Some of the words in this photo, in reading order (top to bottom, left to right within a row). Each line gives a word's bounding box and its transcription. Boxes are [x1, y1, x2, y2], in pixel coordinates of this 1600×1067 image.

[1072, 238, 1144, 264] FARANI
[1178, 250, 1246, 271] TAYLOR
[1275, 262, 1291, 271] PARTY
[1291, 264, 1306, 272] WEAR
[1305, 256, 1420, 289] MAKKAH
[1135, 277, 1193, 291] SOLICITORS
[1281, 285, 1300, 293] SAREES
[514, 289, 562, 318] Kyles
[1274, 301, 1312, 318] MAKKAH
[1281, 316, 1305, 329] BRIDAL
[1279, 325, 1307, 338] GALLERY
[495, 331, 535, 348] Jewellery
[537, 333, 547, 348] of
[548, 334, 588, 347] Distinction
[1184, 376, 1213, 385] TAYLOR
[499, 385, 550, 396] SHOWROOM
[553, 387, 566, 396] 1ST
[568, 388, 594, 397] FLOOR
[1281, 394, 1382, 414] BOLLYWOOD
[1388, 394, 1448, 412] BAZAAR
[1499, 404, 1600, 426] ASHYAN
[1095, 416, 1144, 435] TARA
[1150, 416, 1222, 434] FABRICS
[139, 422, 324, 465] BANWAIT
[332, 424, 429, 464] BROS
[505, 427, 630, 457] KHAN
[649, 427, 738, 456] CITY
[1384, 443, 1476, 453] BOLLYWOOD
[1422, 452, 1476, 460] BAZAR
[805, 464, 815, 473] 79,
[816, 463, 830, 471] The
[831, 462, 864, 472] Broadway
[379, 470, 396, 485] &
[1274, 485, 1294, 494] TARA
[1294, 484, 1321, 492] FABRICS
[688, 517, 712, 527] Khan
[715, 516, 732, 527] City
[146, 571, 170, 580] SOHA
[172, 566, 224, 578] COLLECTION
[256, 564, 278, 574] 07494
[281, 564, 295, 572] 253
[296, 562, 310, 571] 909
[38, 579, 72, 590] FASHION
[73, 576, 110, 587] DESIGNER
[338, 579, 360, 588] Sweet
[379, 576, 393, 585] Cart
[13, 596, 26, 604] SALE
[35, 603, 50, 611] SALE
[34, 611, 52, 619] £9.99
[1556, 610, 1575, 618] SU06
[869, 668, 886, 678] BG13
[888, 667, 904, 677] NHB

┄┄┄┄┄┄┄┄┄┄┄┄┄┄┄┄┄┄┄┄

ABOUT THIS EXERCISE> Repeat the listing in its entirety, keeping each line as it is.

ANSWER TO THIS TASK>
Some of the words in this photo, in reading order (top to bottom, left to right within a row). Each line gives a word's bounding box and its transcription. Boxes are [x1, y1, x2, y2], in pixel coordinates of this 1600×1067 image.

[1072, 238, 1144, 264] FARANI
[1178, 250, 1246, 271] TAYLOR
[1275, 262, 1291, 271] PARTY
[1291, 264, 1306, 272] WEAR
[1305, 256, 1420, 289] MAKKAH
[1135, 277, 1193, 291] SOLICITORS
[1281, 285, 1300, 293] SAREES
[514, 289, 562, 318] Kyles
[1274, 301, 1312, 318] MAKKAH
[1281, 316, 1305, 329] BRIDAL
[1279, 325, 1307, 338] GALLERY
[495, 331, 535, 348] Jewellery
[537, 333, 547, 348] of
[548, 334, 588, 347] Distinction
[1184, 376, 1213, 385] TAYLOR
[499, 385, 550, 396] SHOWROOM
[553, 387, 566, 396] 1ST
[568, 388, 594, 397] FLOOR
[1281, 394, 1382, 414] BOLLYWOOD
[1388, 394, 1448, 412] BAZAAR
[1499, 404, 1600, 426] ASHYAN
[1095, 416, 1144, 435] TARA
[1150, 416, 1222, 434] FABRICS
[139, 422, 324, 465] BANWAIT
[332, 424, 429, 464] BROS
[505, 427, 630, 457] KHAN
[649, 427, 738, 456] CITY
[1384, 443, 1476, 453] BOLLYWOOD
[1422, 452, 1476, 460] BAZAR
[805, 464, 815, 473] 79,
[816, 463, 830, 471] The
[831, 462, 864, 472] Broadway
[379, 470, 396, 485] &
[1274, 485, 1294, 494] TARA
[1294, 484, 1321, 492] FABRICS
[688, 517, 712, 527] Khan
[715, 516, 732, 527] City
[146, 571, 170, 580] SOHA
[172, 566, 224, 578] COLLECTION
[256, 564, 278, 574] 07494
[281, 564, 295, 572] 253
[296, 562, 310, 571] 909
[38, 579, 72, 590] FASHION
[73, 576, 110, 587] DESIGNER
[338, 579, 360, 588] Sweet
[379, 576, 393, 585] Cart
[13, 596, 26, 604] SALE
[35, 603, 50, 611] SALE
[34, 611, 52, 619] £9.99
[1556, 610, 1575, 618] SU06
[869, 668, 886, 678] BG13
[888, 667, 904, 677] NHB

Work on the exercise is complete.